As it doesn’t offer any financial advice, Robinhood is suitable for more experienced and active traders. Users can trade cryptocurrency or invest in a huge variety of stocks and ETFs.
If you enjoyed reading our review of Acorns, you’ve probably already made up your mind. The app’s novelty approach and hassle-free interface make it a great fit for amateur investors.
What makes Acorns stand out are all those extra little features that allow you to get cashback when buying from partner retailers and learn more about finance and investment.
Acorns prides itself on providing security that’s strong as an oak, and its automated approach makes it easier than ever to put your loose coins to work.
On the flipside, Acorns customer service doesn’t come with human investment advisors, which is a standard for most micro-investing apps.
The other negative most Acorns investing app reviews agree on is that the company falls short with its pricey subscription plans and steep transfer fees.
Nevertheless, Acorns is an app designed to make investing simple and accessible, right at your fingertips. So what are you waiting for? Start collecting acorns and your oak tree will surely thrive.
Yes, depending on your investment preferences. If you are an amateur investor who has difficulties putting your money aside, then Acorns is a great option. Geared towards young and inexperienced users, this robo-adviser will help you save your spare change with its round-up system.
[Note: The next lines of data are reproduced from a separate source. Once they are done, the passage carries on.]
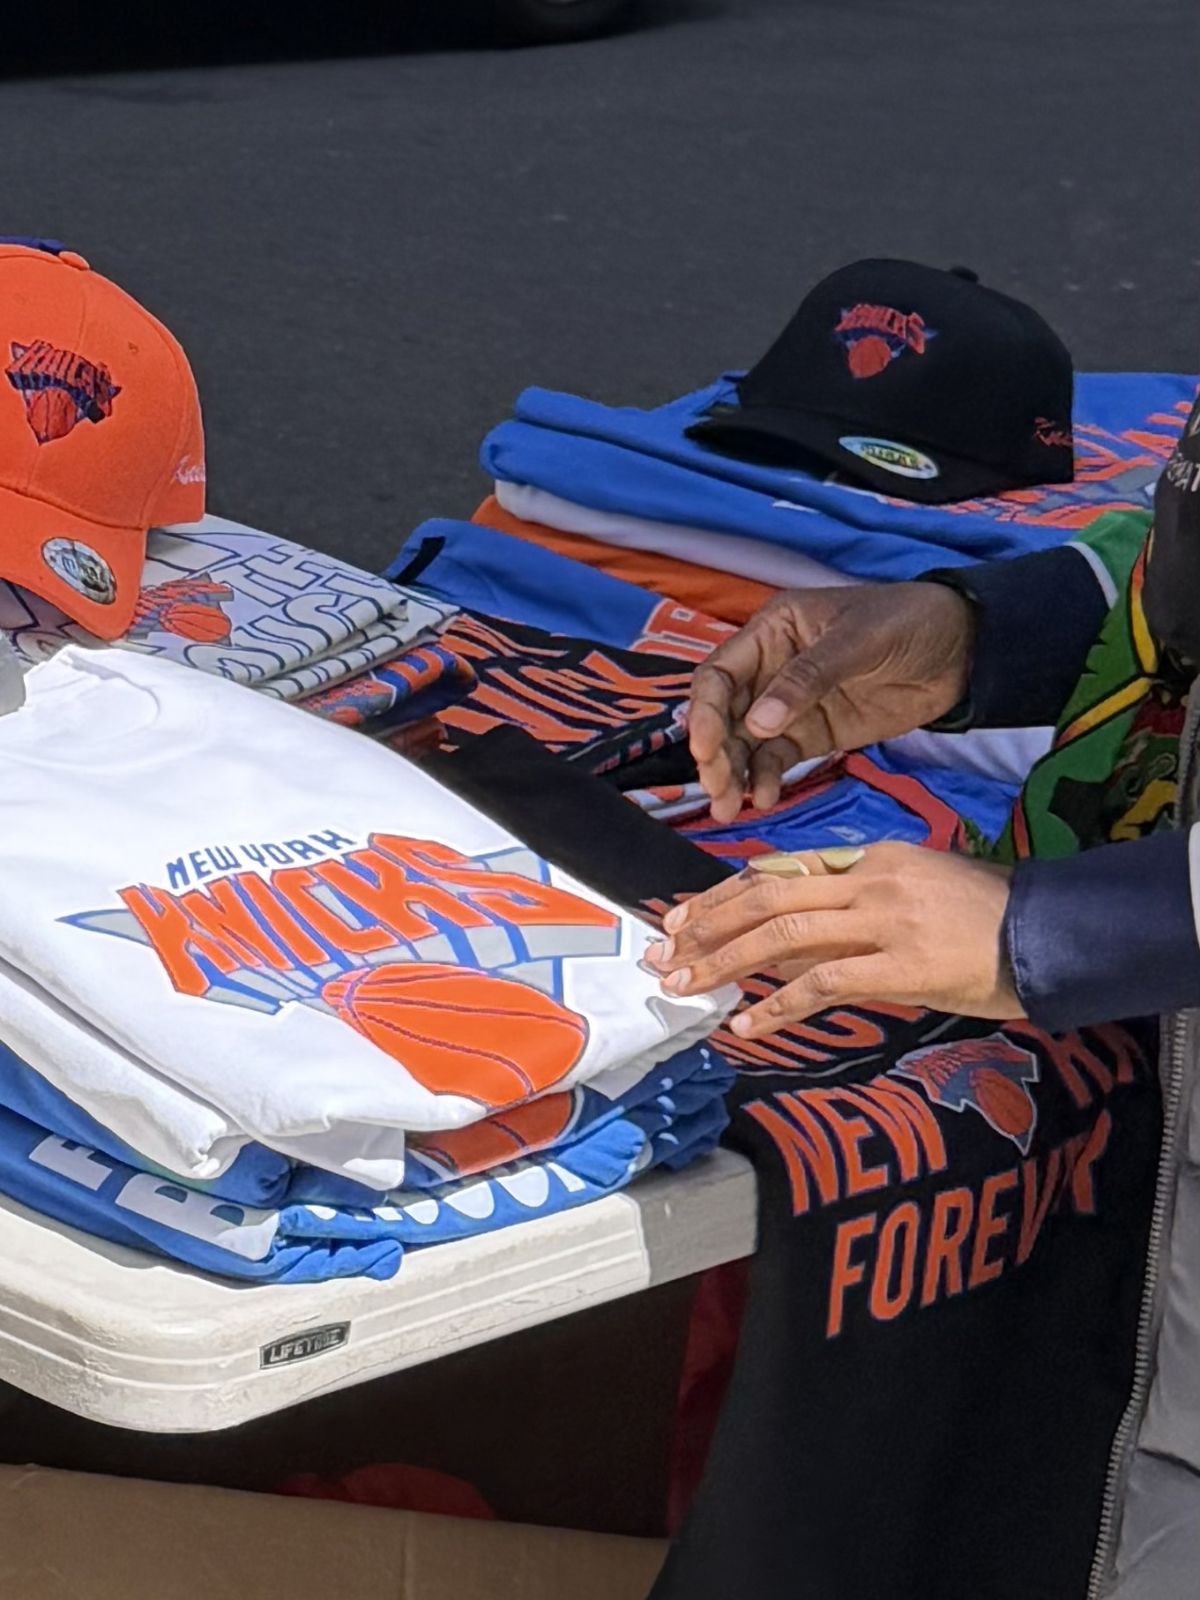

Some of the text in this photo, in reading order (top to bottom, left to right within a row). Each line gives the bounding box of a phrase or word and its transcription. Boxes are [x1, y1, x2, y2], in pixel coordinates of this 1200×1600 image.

[117, 833, 620, 997] KNICKS
[166, 828, 358, 889] NEW YORK
[740, 1075, 948, 1216] NEW
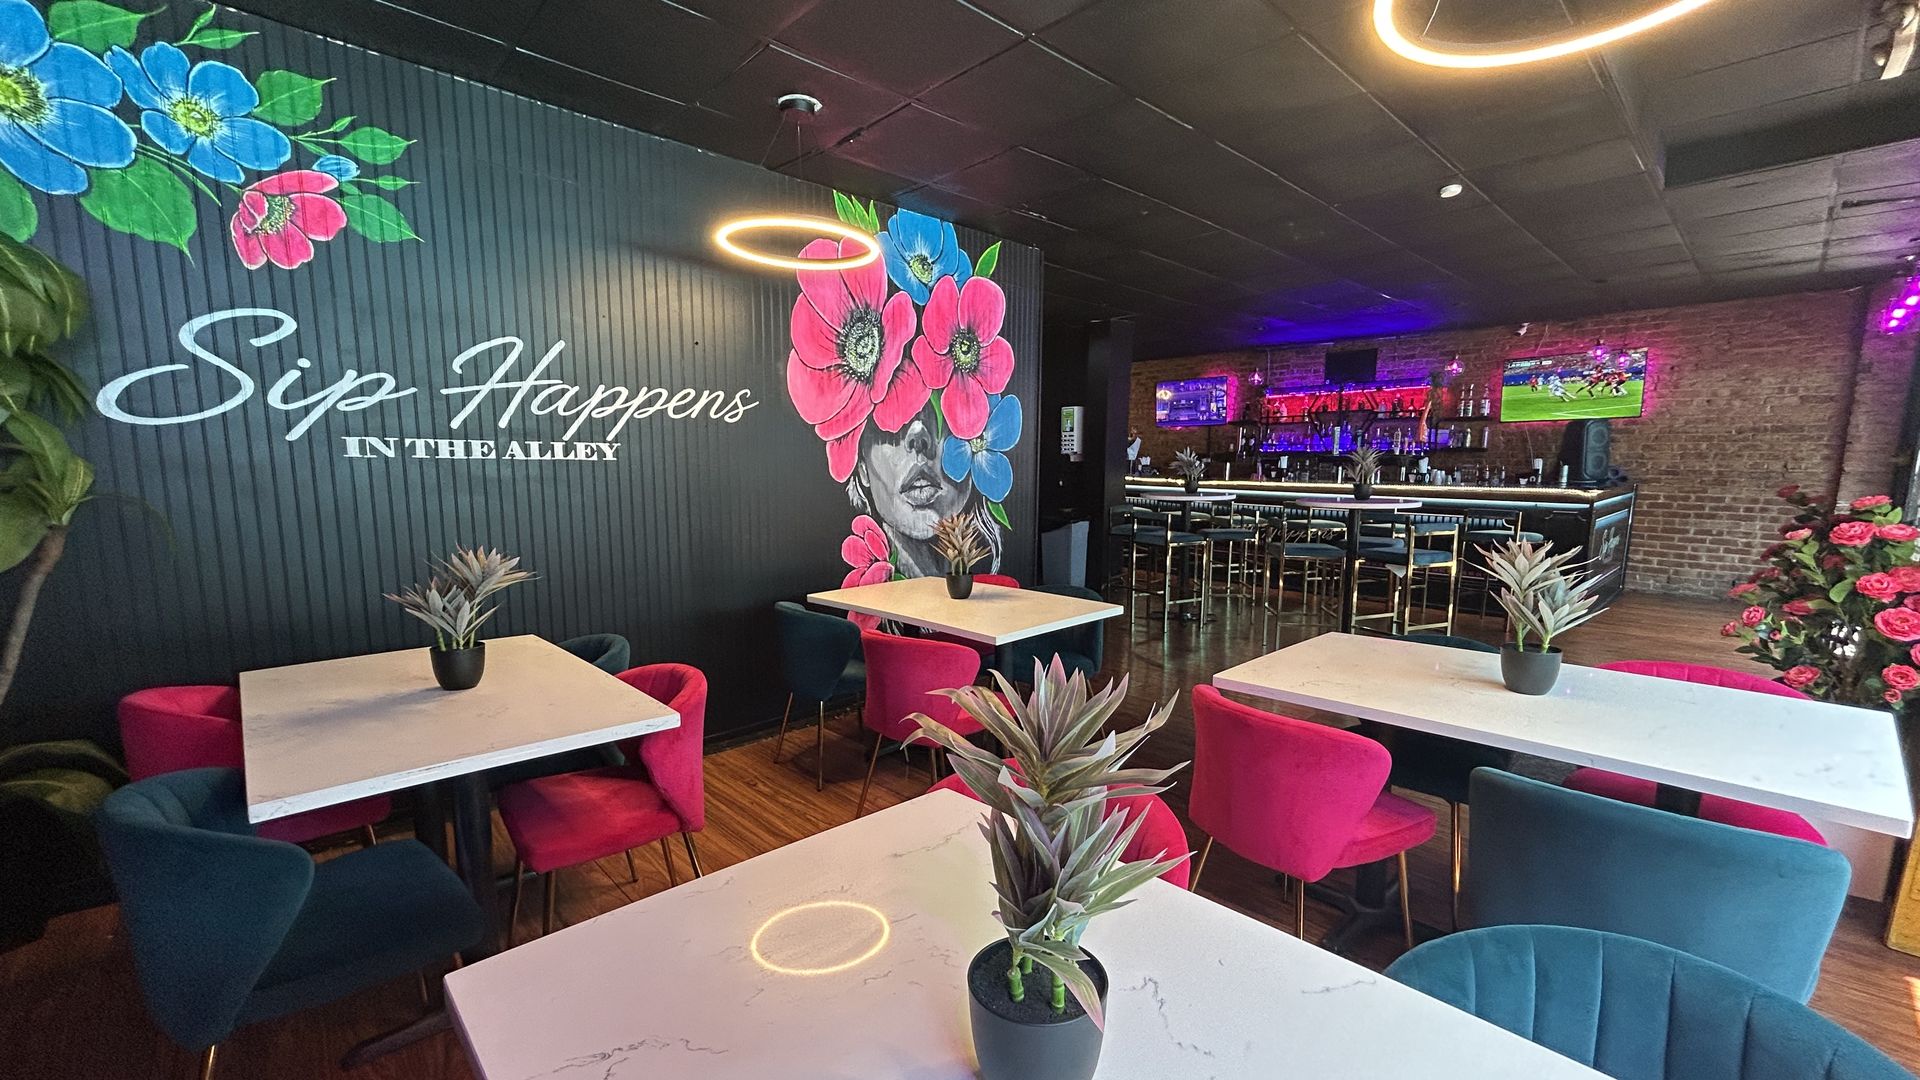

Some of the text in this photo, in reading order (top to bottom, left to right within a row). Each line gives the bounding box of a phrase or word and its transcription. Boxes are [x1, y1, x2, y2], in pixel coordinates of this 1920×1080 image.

[96, 307, 759, 441] Sip Happens
[341, 436, 622, 461] IN THE ALLEY
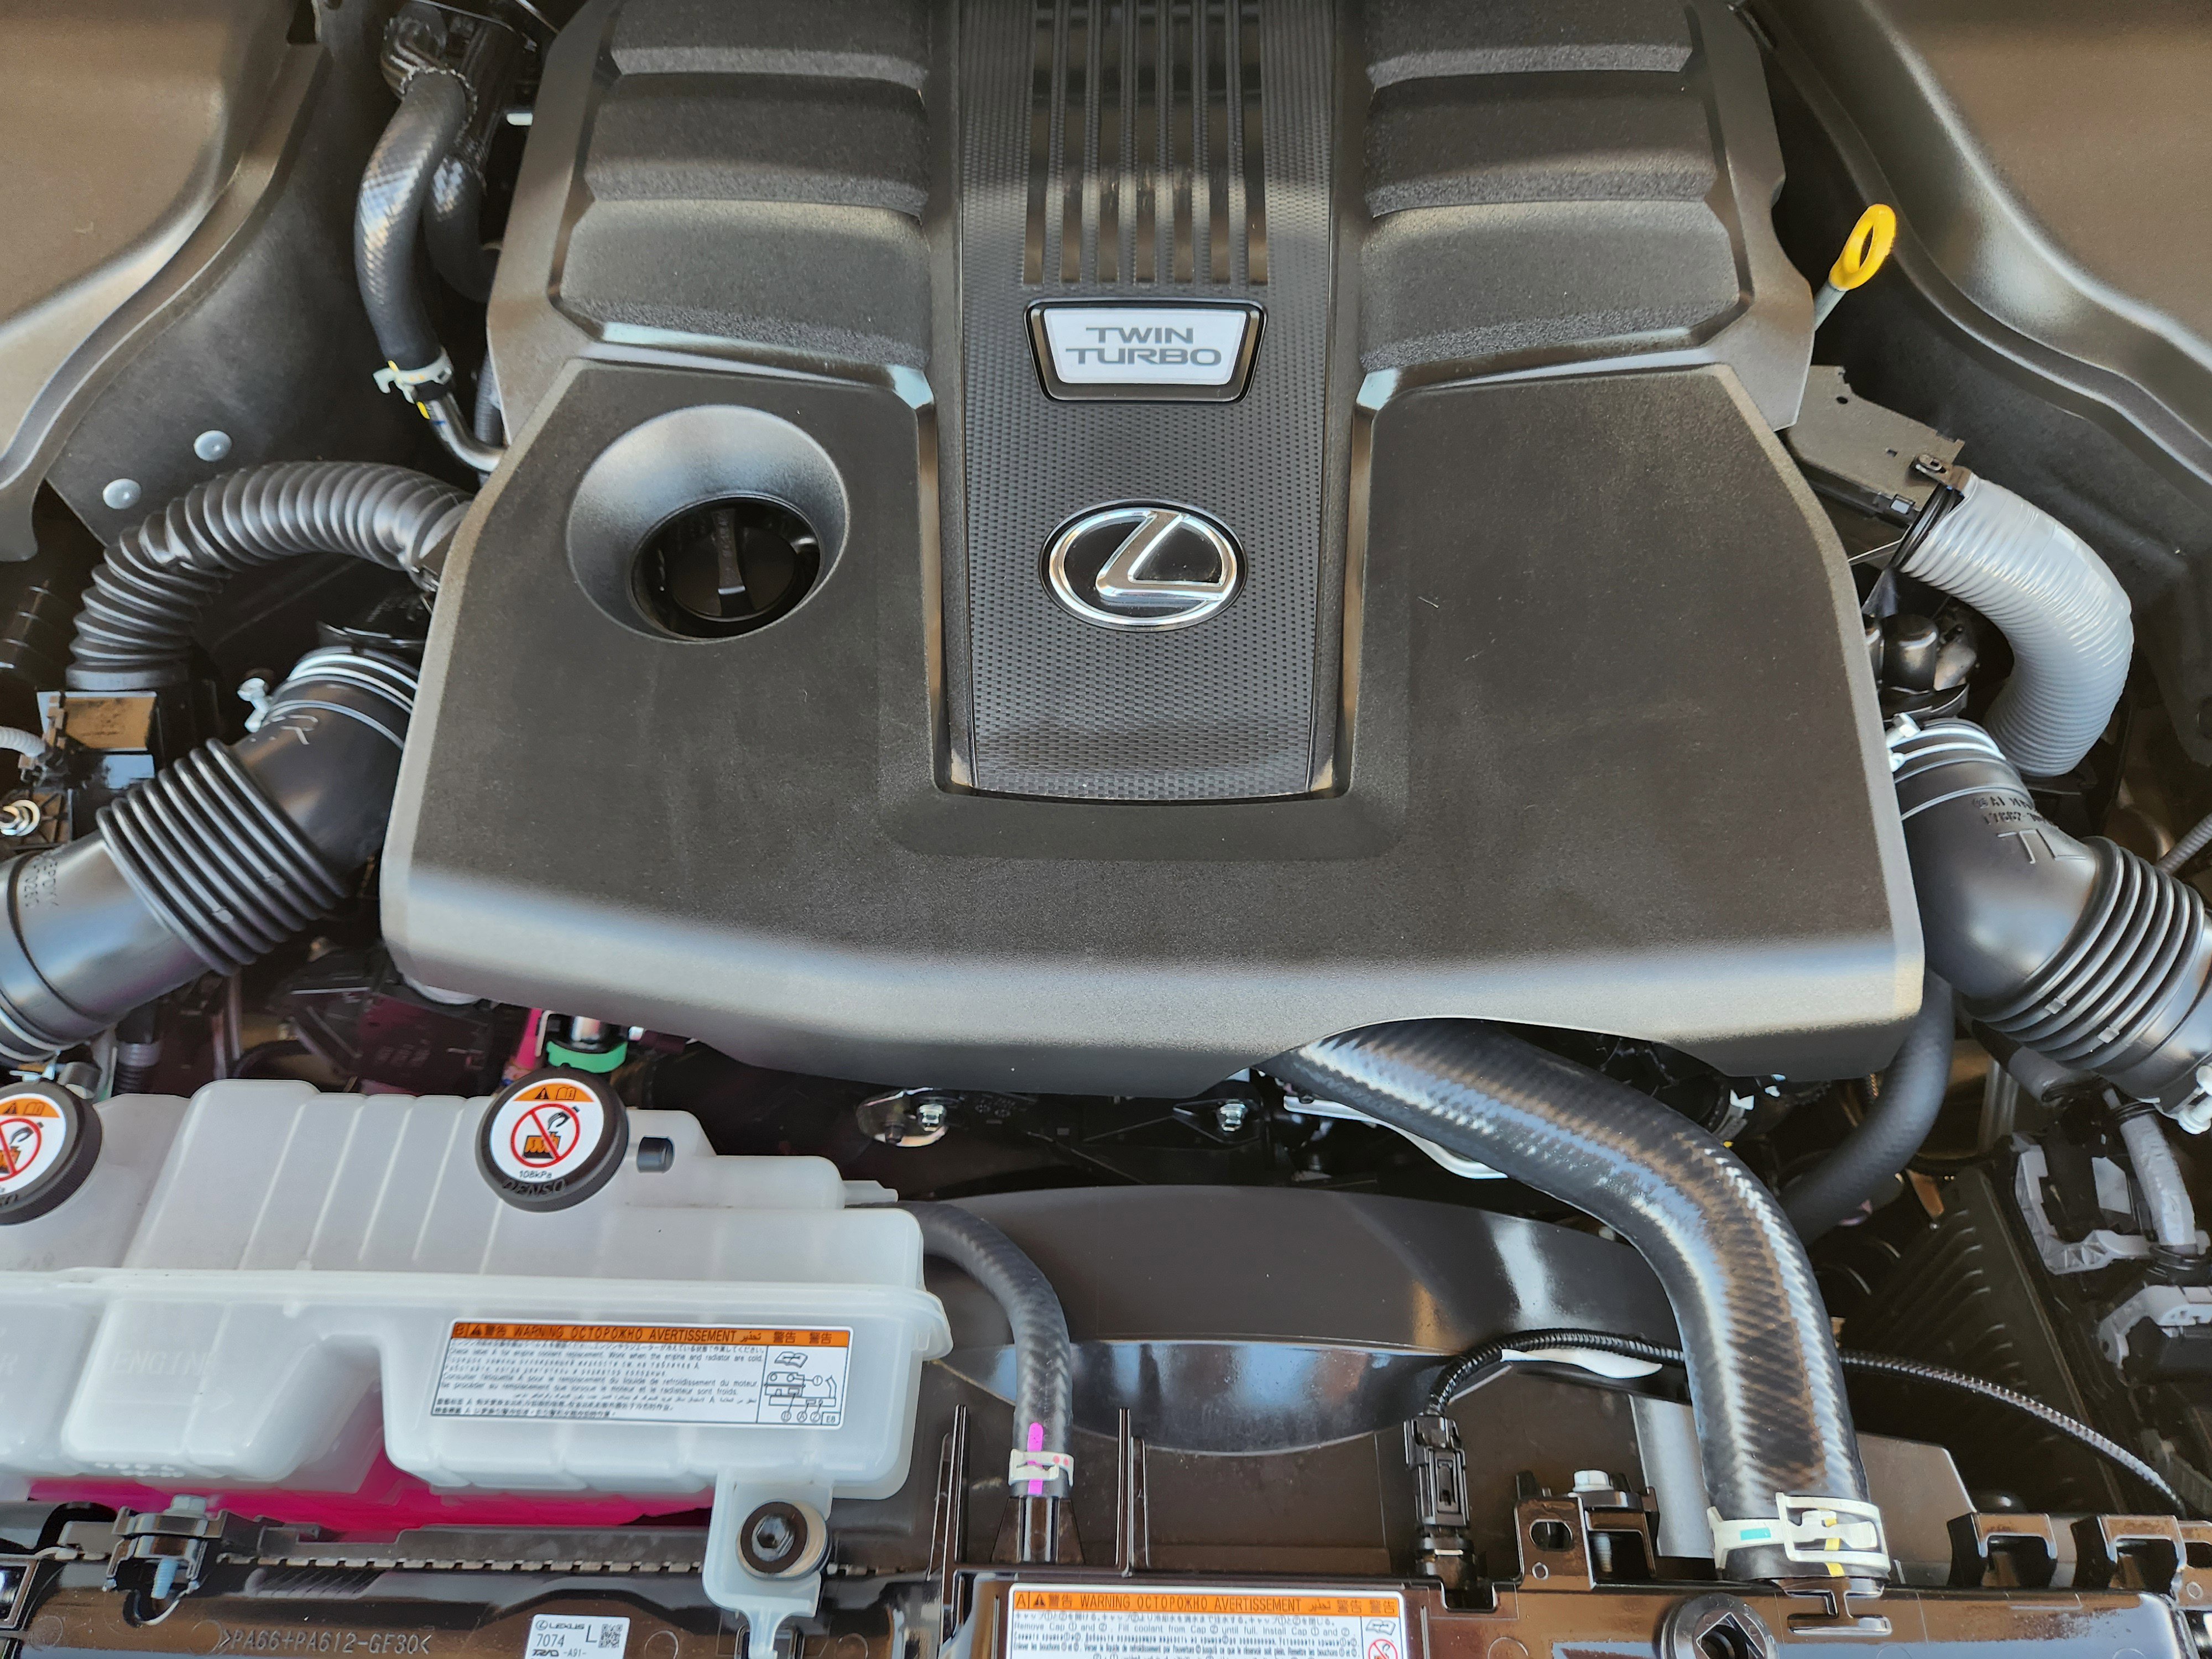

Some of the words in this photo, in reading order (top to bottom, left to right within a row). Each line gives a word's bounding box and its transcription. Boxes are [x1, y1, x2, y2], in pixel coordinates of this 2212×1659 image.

[1086, 327, 1194, 344] TWIN
[1065, 348, 1222, 366] TURBO
[502, 1178, 567, 1196] DENSO
[648, 1328, 737, 1343] AVERTISSEMENT
[1080, 1594, 1130, 1609] WARNING
[1214, 1597, 1302, 1613] AVERTISSEMENT
[585, 1624, 598, 1643] L
[1134, 1624, 1162, 1632] coolant
[1291, 1626, 1307, 1636] Cap
[1323, 1627, 1338, 1636] and
[536, 1633, 566, 1647] 7074
As you can infer from our review of Acorns, it certainly won’t earn you tons of money right away by rounding up your change. However, it’s a good place to start. You won’t even notice funds missing from your account, as this system takes out only small sums. However, little by little, you can really grow your funds over the years. On top of that, you can earn from the app’s cashback features at select retailers.
We would definitely say yes. While its flat pricing fees might affect investors with small balances, those who are more ambitious would be surprised by how quickly the cents accumulate. You can also develop good habits while earning.
When it comes to paying taxes at Acorns, reviews and tests by our researchers reveal little to criticize. While the company does not provide tax or legal advice, it does remind users that paying taxes to Uncle Sam is a must. Speaking of Acorns tax forms, though, you might be surprised by the lack of a tax-loss harvesting feature, which would help you decrease the amount you owe in taxes.